• _Records to use_:
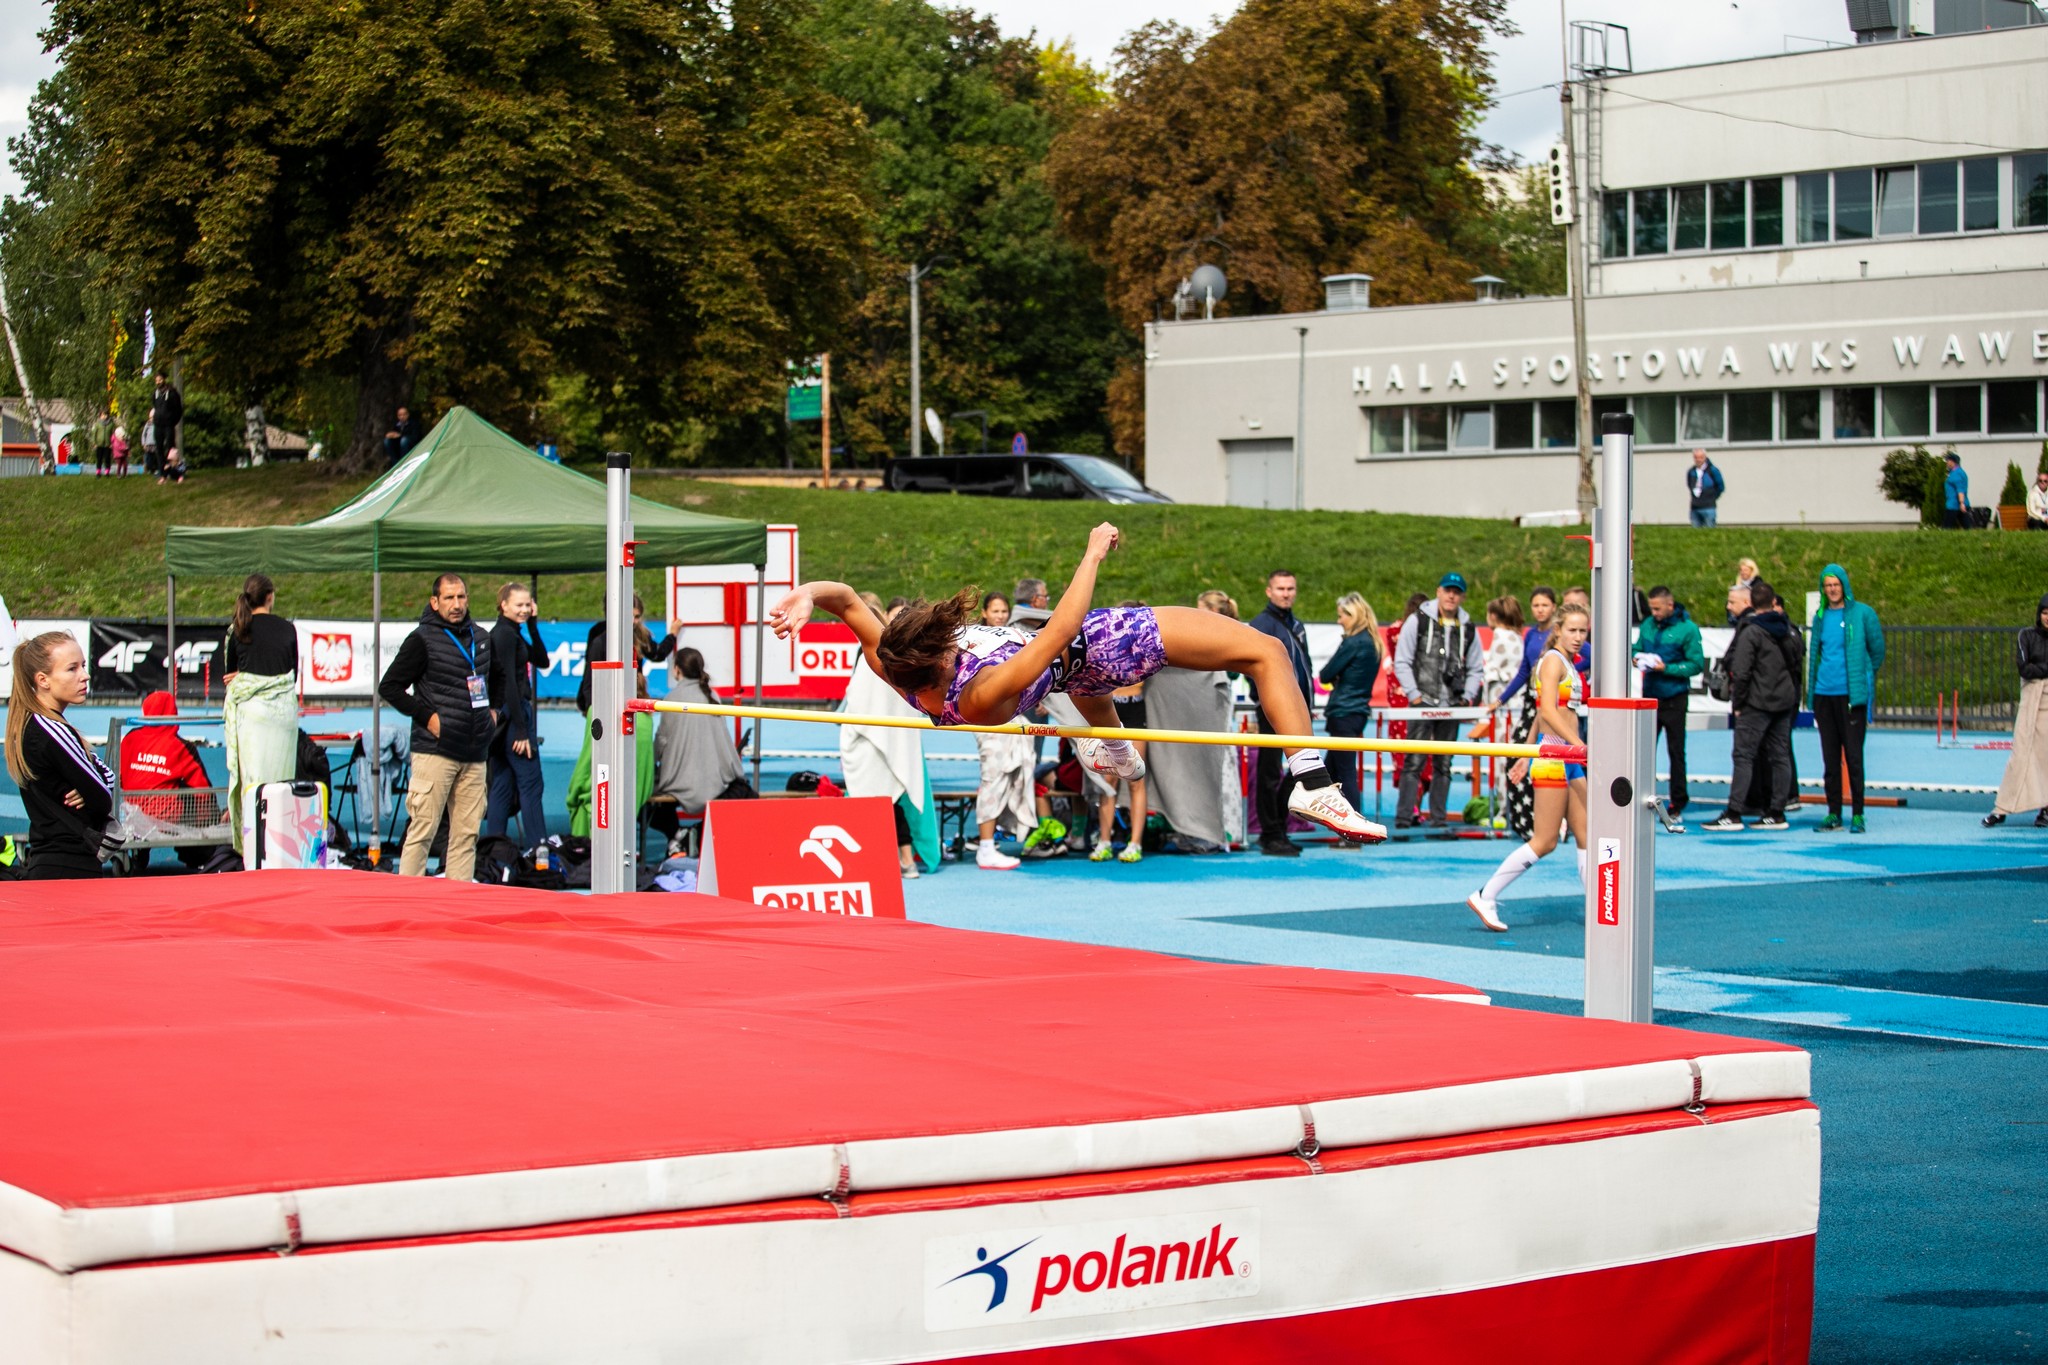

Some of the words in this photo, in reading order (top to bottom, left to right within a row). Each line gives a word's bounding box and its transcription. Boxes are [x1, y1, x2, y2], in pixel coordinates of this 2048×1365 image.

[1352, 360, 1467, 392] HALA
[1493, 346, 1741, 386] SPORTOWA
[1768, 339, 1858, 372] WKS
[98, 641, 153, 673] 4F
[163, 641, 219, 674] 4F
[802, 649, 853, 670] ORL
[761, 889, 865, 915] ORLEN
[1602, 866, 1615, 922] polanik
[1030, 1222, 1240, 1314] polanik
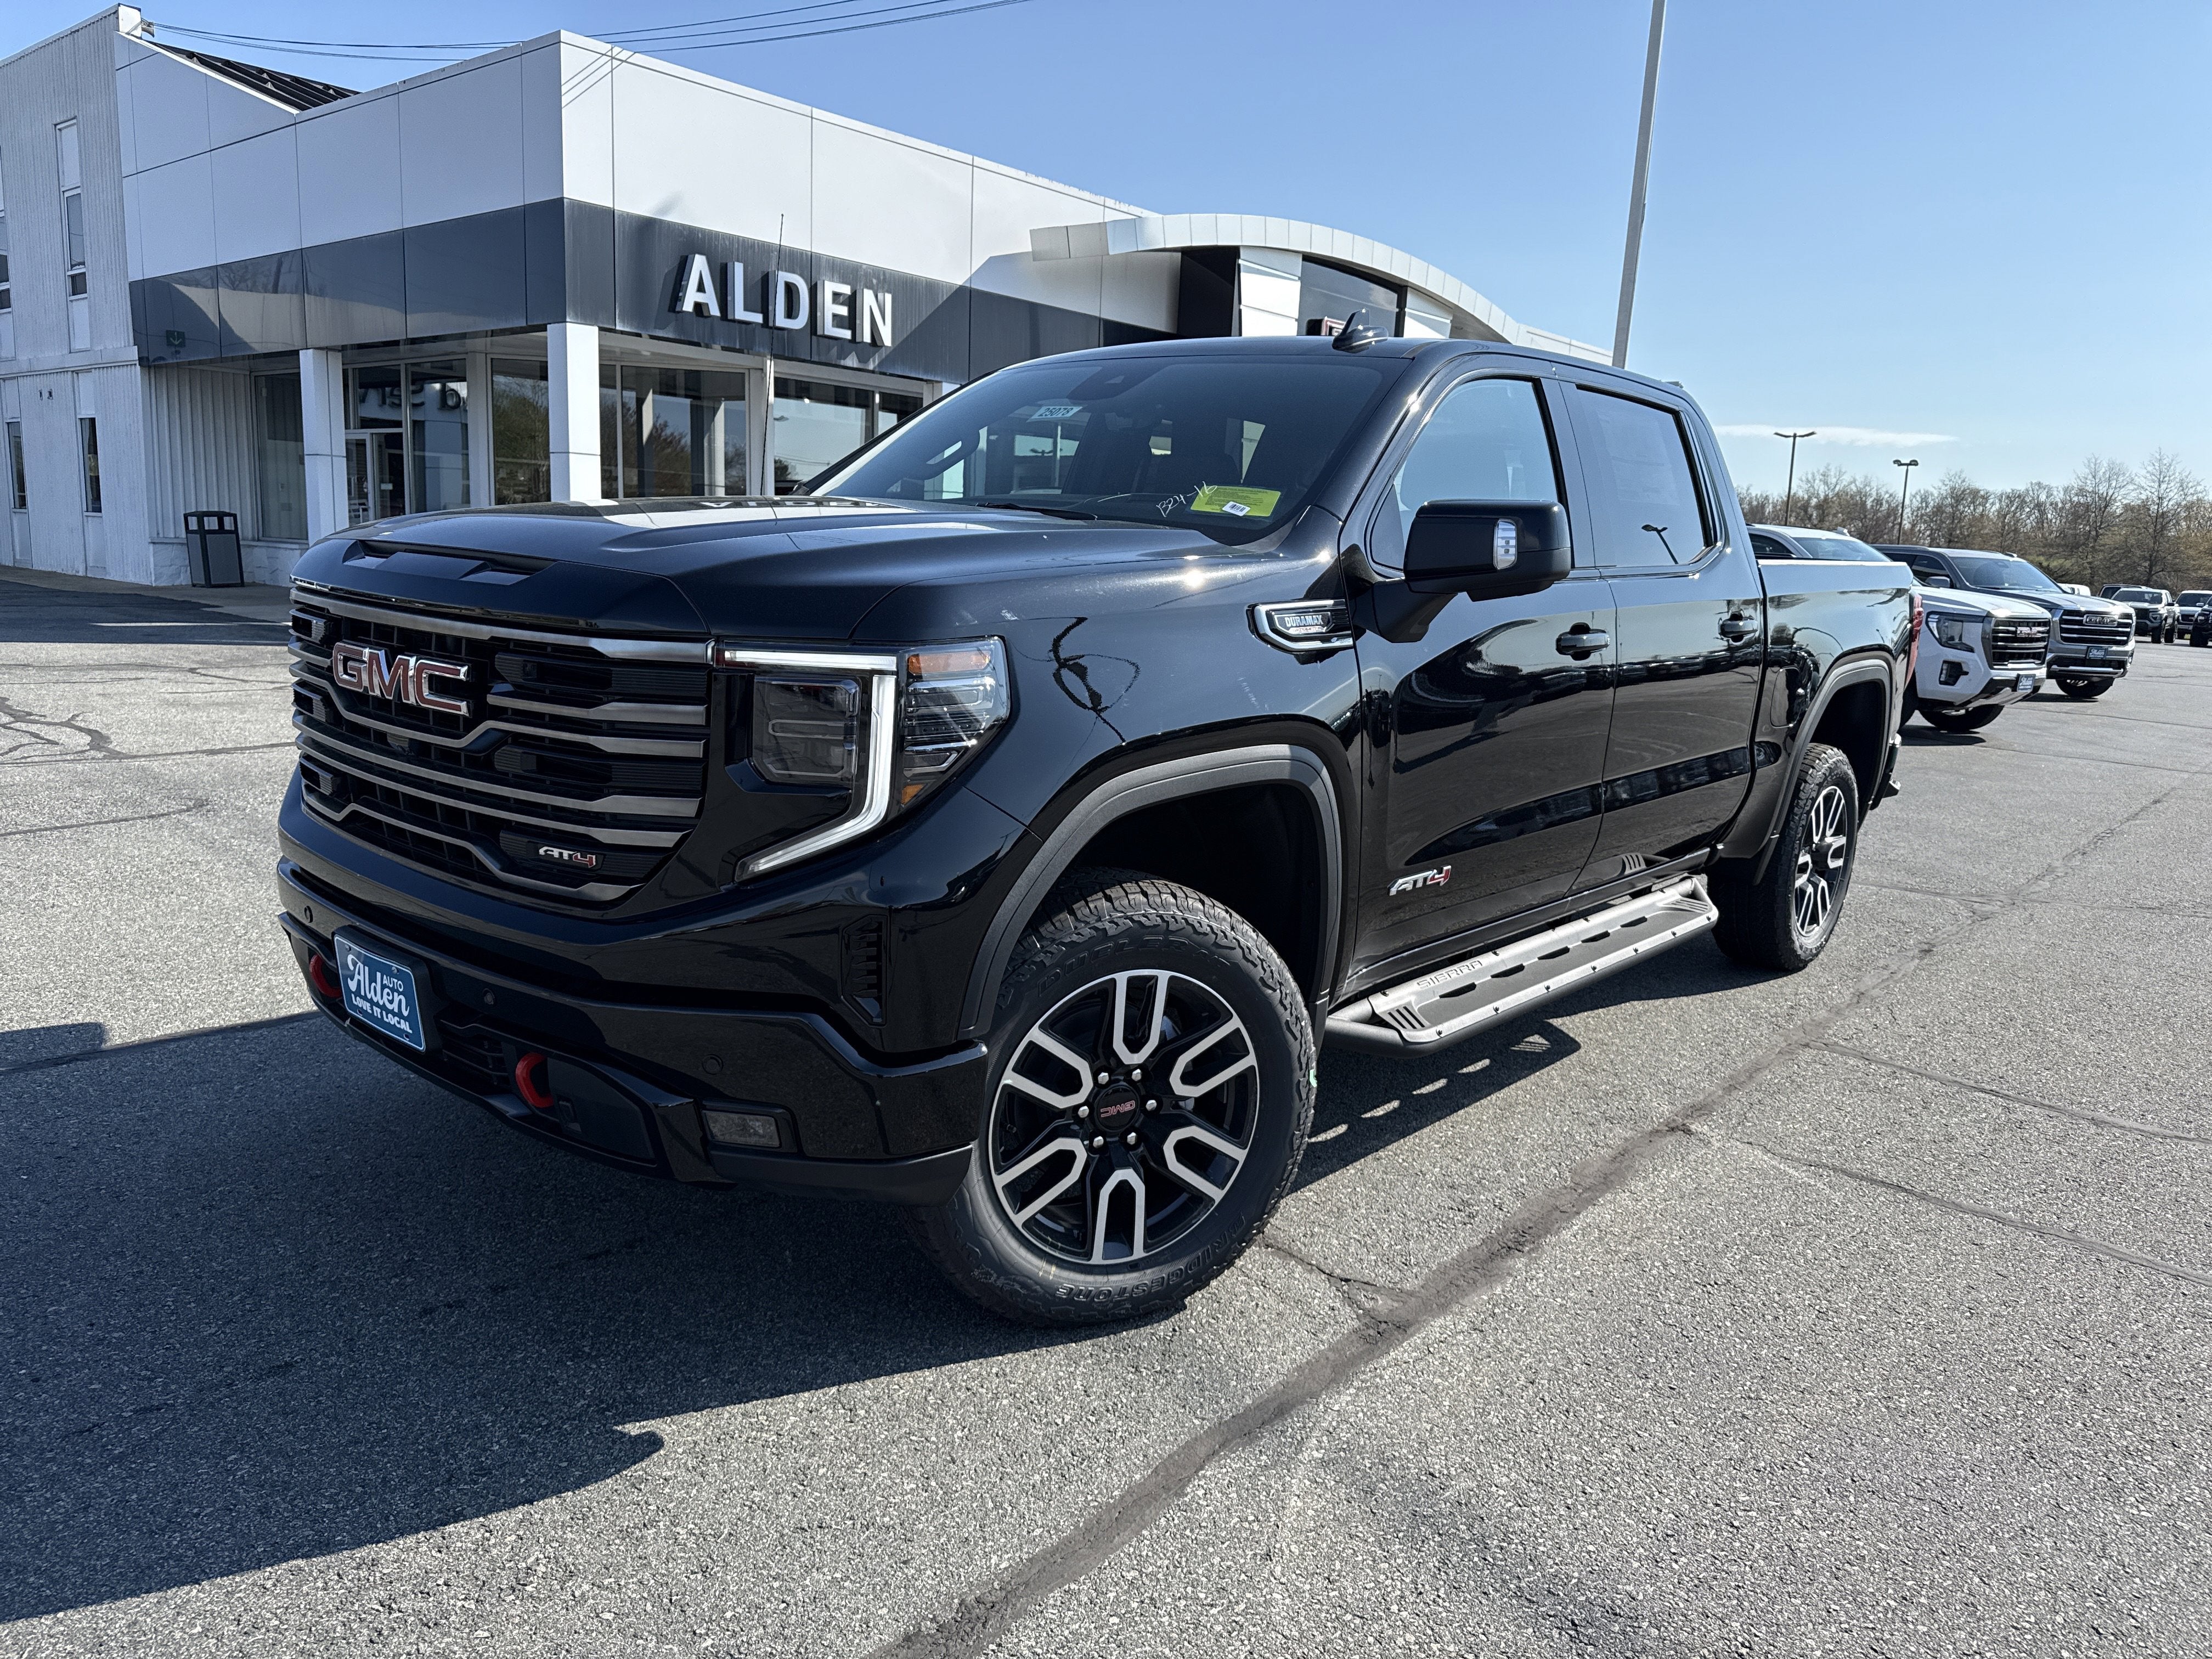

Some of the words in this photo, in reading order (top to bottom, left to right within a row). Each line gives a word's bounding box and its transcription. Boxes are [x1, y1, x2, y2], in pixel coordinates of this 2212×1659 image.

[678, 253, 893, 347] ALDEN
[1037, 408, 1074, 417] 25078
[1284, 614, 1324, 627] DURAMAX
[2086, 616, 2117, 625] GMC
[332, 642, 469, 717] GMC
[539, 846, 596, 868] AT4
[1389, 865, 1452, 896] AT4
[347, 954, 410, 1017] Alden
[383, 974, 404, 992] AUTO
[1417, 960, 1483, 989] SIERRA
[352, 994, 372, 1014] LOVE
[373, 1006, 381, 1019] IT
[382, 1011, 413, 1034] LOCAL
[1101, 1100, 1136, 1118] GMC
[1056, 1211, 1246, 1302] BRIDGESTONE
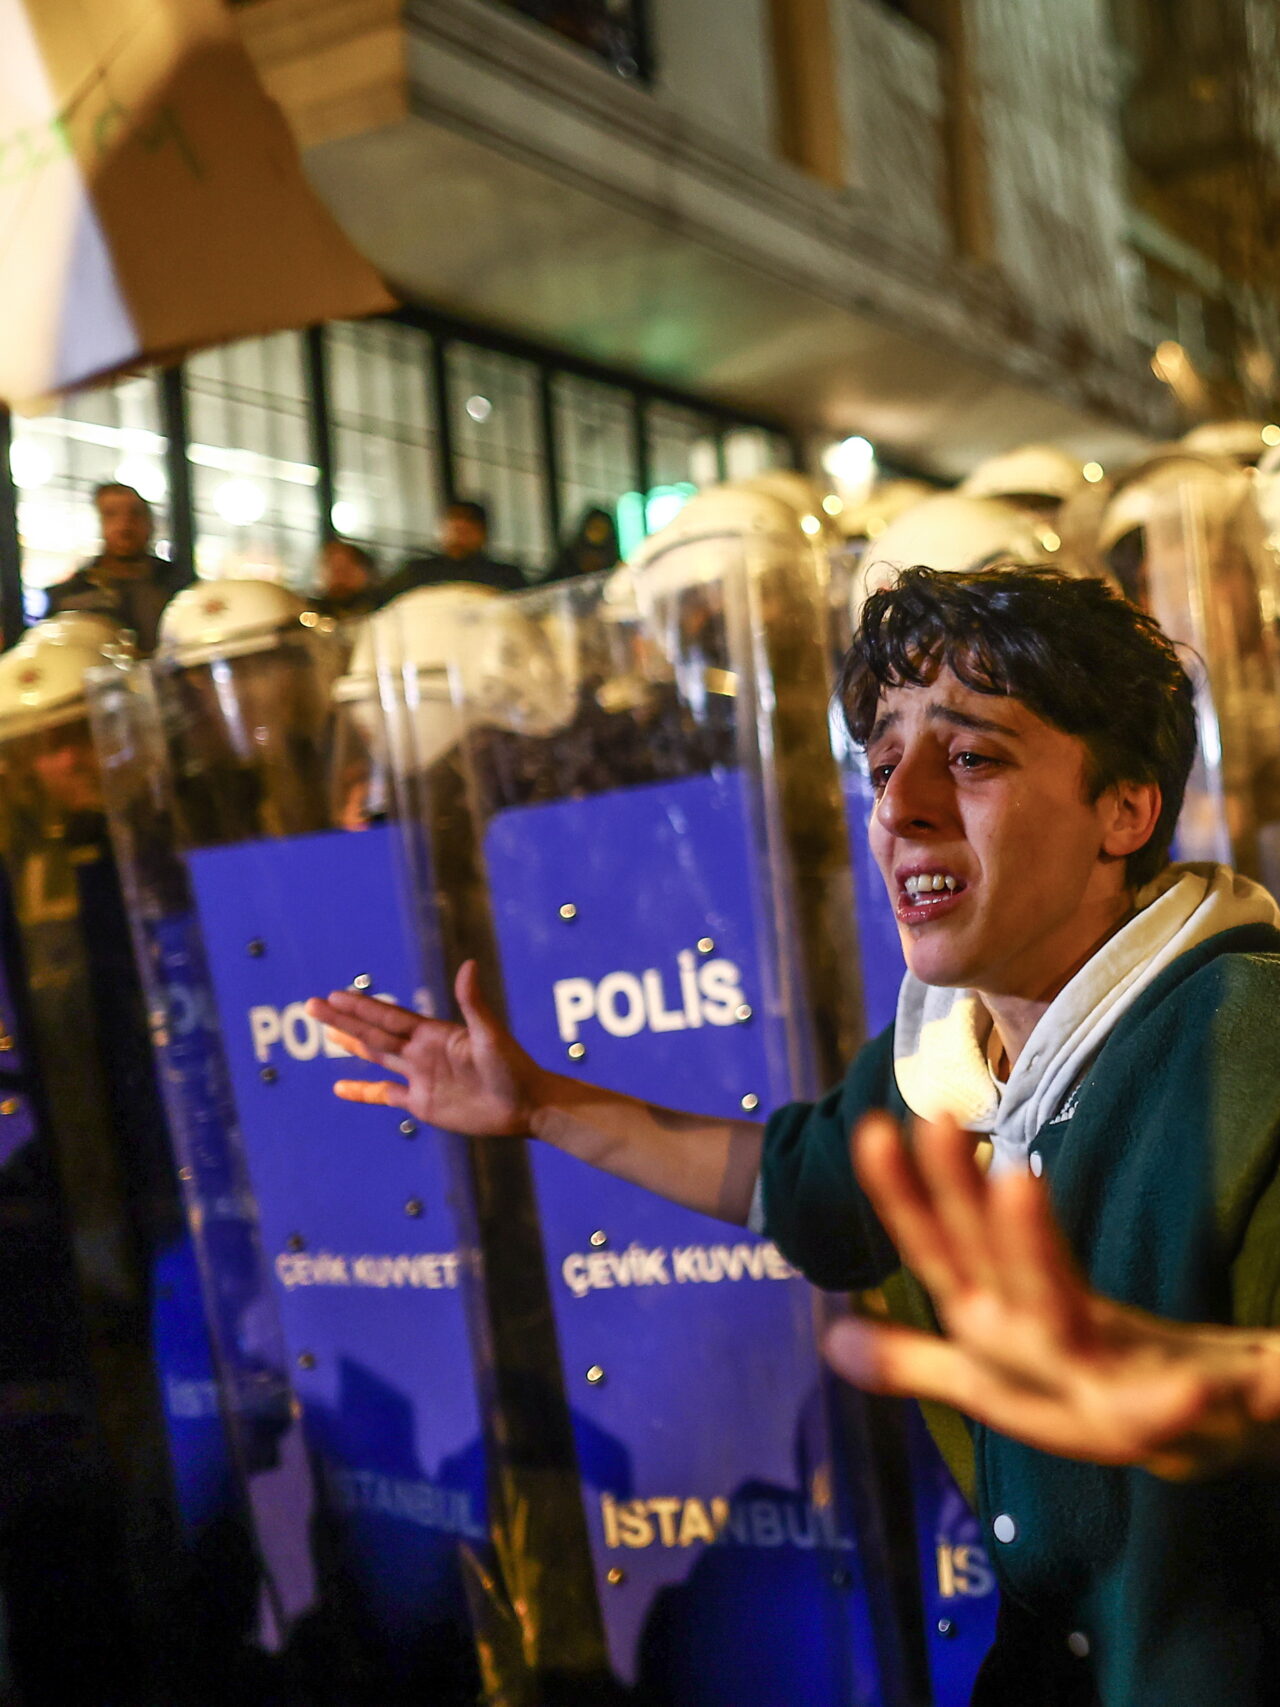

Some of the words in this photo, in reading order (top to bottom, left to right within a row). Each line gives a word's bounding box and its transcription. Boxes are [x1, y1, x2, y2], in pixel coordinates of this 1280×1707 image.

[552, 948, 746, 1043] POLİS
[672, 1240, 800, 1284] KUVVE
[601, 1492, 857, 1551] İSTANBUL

• _Your instructions_:
If a record contains a picture, leave the picture out and return everything else exactly.

• _Result of the task_:
Some of the words in this photo, in reading order (top to bottom, left to right within a row). Each line gives a word's bounding box and its transcription. Boxes are [x1, y1, x2, y2], in pixel coordinates of this 2048×1365 image.

[1352, 360, 1467, 392] HALA
[1493, 346, 1741, 386] SPORTOWA
[1768, 339, 1858, 372] WKS
[98, 641, 153, 673] 4F
[163, 641, 219, 674] 4F
[802, 649, 853, 670] ORL
[761, 889, 865, 915] ORLEN
[1602, 866, 1615, 922] polanik
[1030, 1222, 1240, 1314] polanik

Some of the words in this photo, in reading order (top to bottom, left to right within a row). Each line gives a word's bounding box and its transcription. Boxes are [x1, y1, x2, y2], in pixel coordinates of this 2212×1659 image.

[678, 253, 893, 347] ALDEN
[1037, 408, 1074, 417] 25078
[1284, 614, 1324, 627] DURAMAX
[2086, 616, 2117, 625] GMC
[332, 642, 469, 717] GMC
[539, 846, 596, 868] AT4
[1389, 865, 1452, 896] AT4
[347, 954, 410, 1017] Alden
[383, 974, 404, 992] AUTO
[1417, 960, 1483, 989] SIERRA
[352, 994, 372, 1014] LOVE
[373, 1006, 381, 1019] IT
[382, 1011, 413, 1034] LOCAL
[1101, 1100, 1136, 1118] GMC
[1056, 1211, 1246, 1302] BRIDGESTONE

Some of the words in this photo, in reading order (top to bottom, left to right within a row). Each line gives a word's bounding box and its transcription. Boxes are [x1, y1, x2, y2], in pixel coordinates of this 1280×1707 image.

[552, 948, 746, 1043] POLİS
[672, 1240, 800, 1284] KUVVE
[601, 1492, 857, 1551] İSTANBUL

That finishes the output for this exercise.